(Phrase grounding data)
....

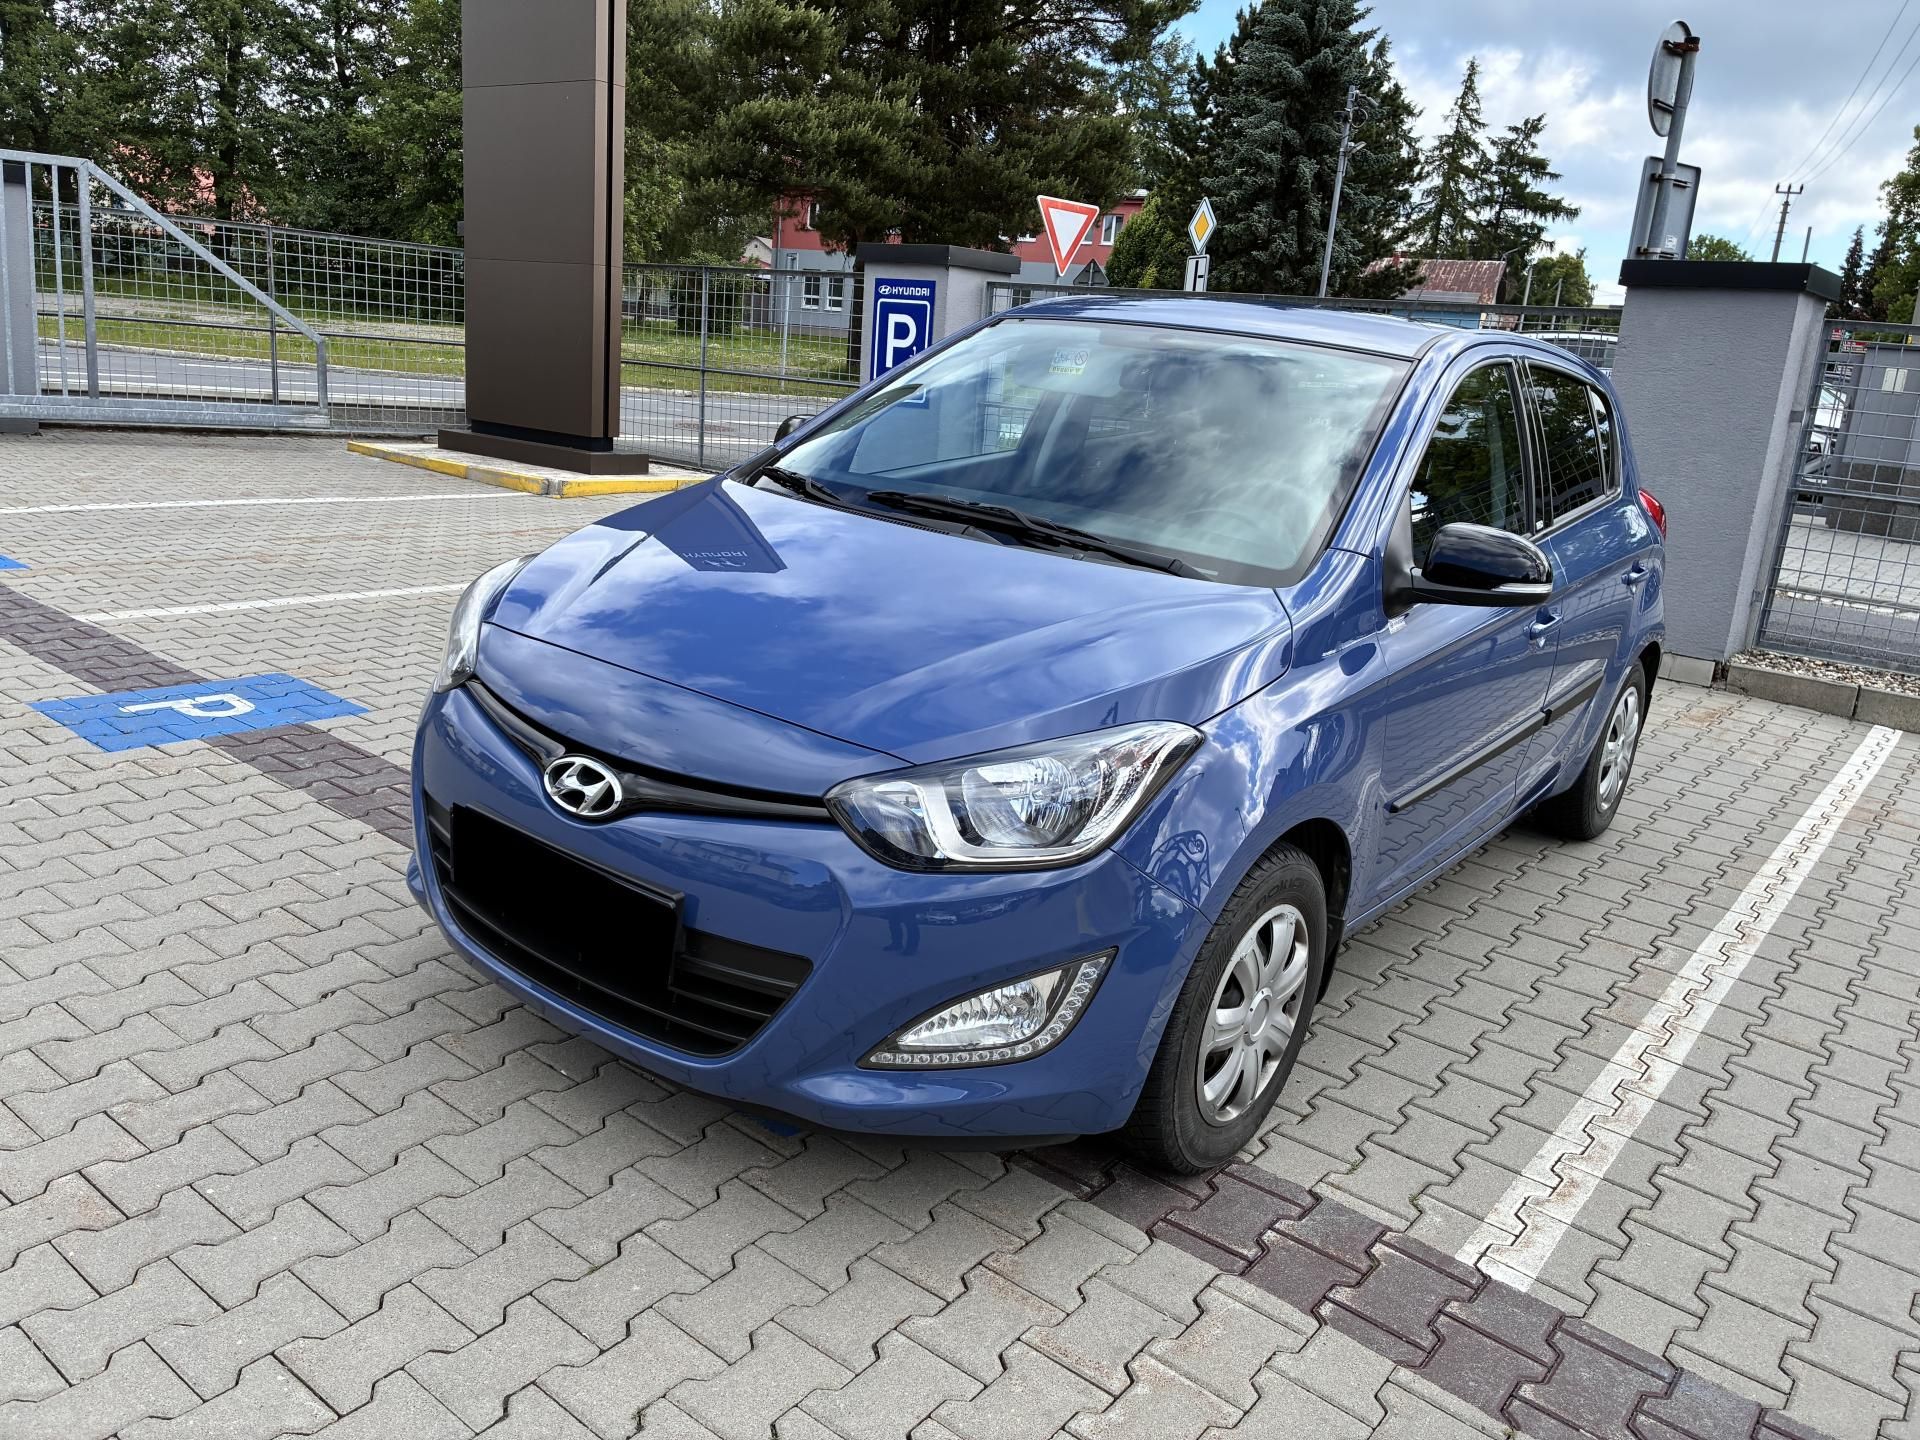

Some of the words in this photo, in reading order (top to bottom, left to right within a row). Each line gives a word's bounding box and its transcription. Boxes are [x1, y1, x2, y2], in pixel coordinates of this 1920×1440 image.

[892, 286, 930, 297] HYUNDAI
[885, 313, 917, 368] P
[119, 692, 256, 718] P
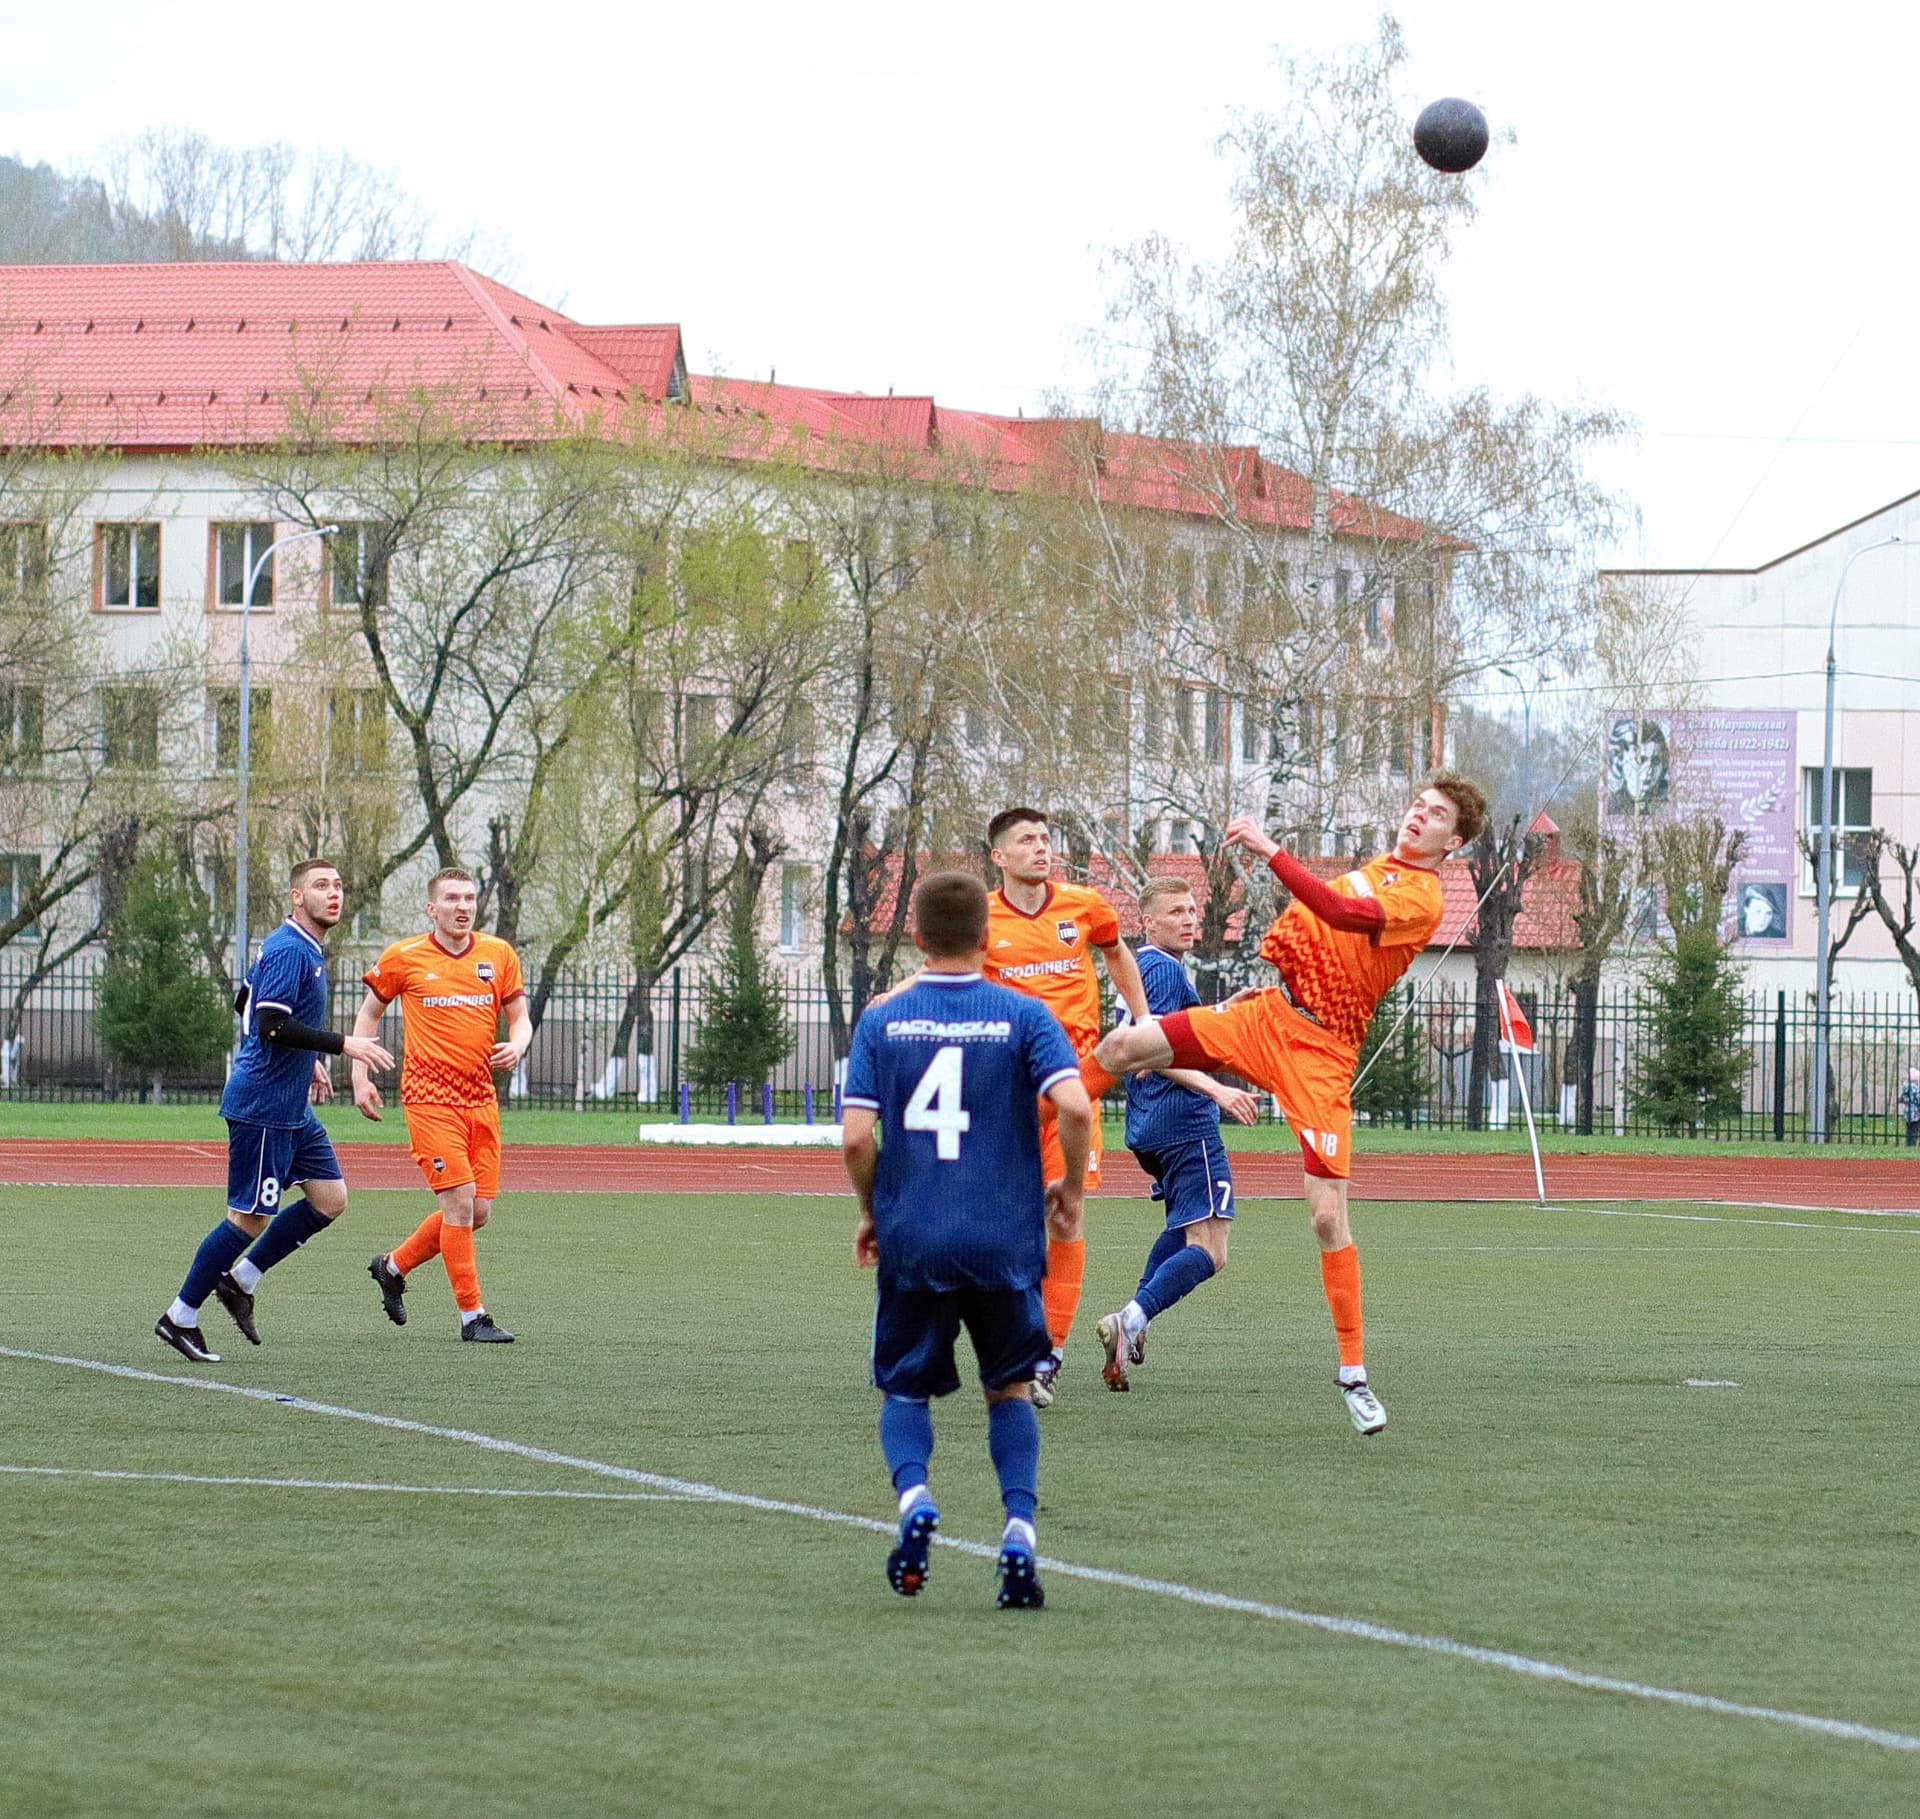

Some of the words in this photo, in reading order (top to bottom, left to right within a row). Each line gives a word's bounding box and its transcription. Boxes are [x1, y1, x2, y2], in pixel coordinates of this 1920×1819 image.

[1728, 738, 1791, 752] (1922-1942)
[903, 1046, 970, 1160] 4
[1320, 1132, 1338, 1157] 18
[261, 1177, 279, 1207] 8
[1217, 1181, 1231, 1211] 7

....

WORK TO COMPLETE:
Transcribe each record above exactly, leaving every picture out of the copy.

SOLUTION BELOW:
Some of the words in this photo, in reading order (top to bottom, left to right within a row). Each line gives a word's bounding box and its transcription. Boxes are [x1, y1, x2, y2], in pixel coordinates of this 1920×1440 image.

[892, 286, 930, 297] HYUNDAI
[885, 313, 917, 368] P
[119, 692, 256, 718] P

Some of the words in this photo, in reading order (top to bottom, left to right within a row). Each line gives a word's bounding box and its transcription. Boxes are [x1, y1, x2, y2], in pixel coordinates of this 1920×1819 image.

[1728, 738, 1791, 752] (1922-1942)
[903, 1046, 970, 1160] 4
[1320, 1132, 1338, 1157] 18
[261, 1177, 279, 1207] 8
[1217, 1181, 1231, 1211] 7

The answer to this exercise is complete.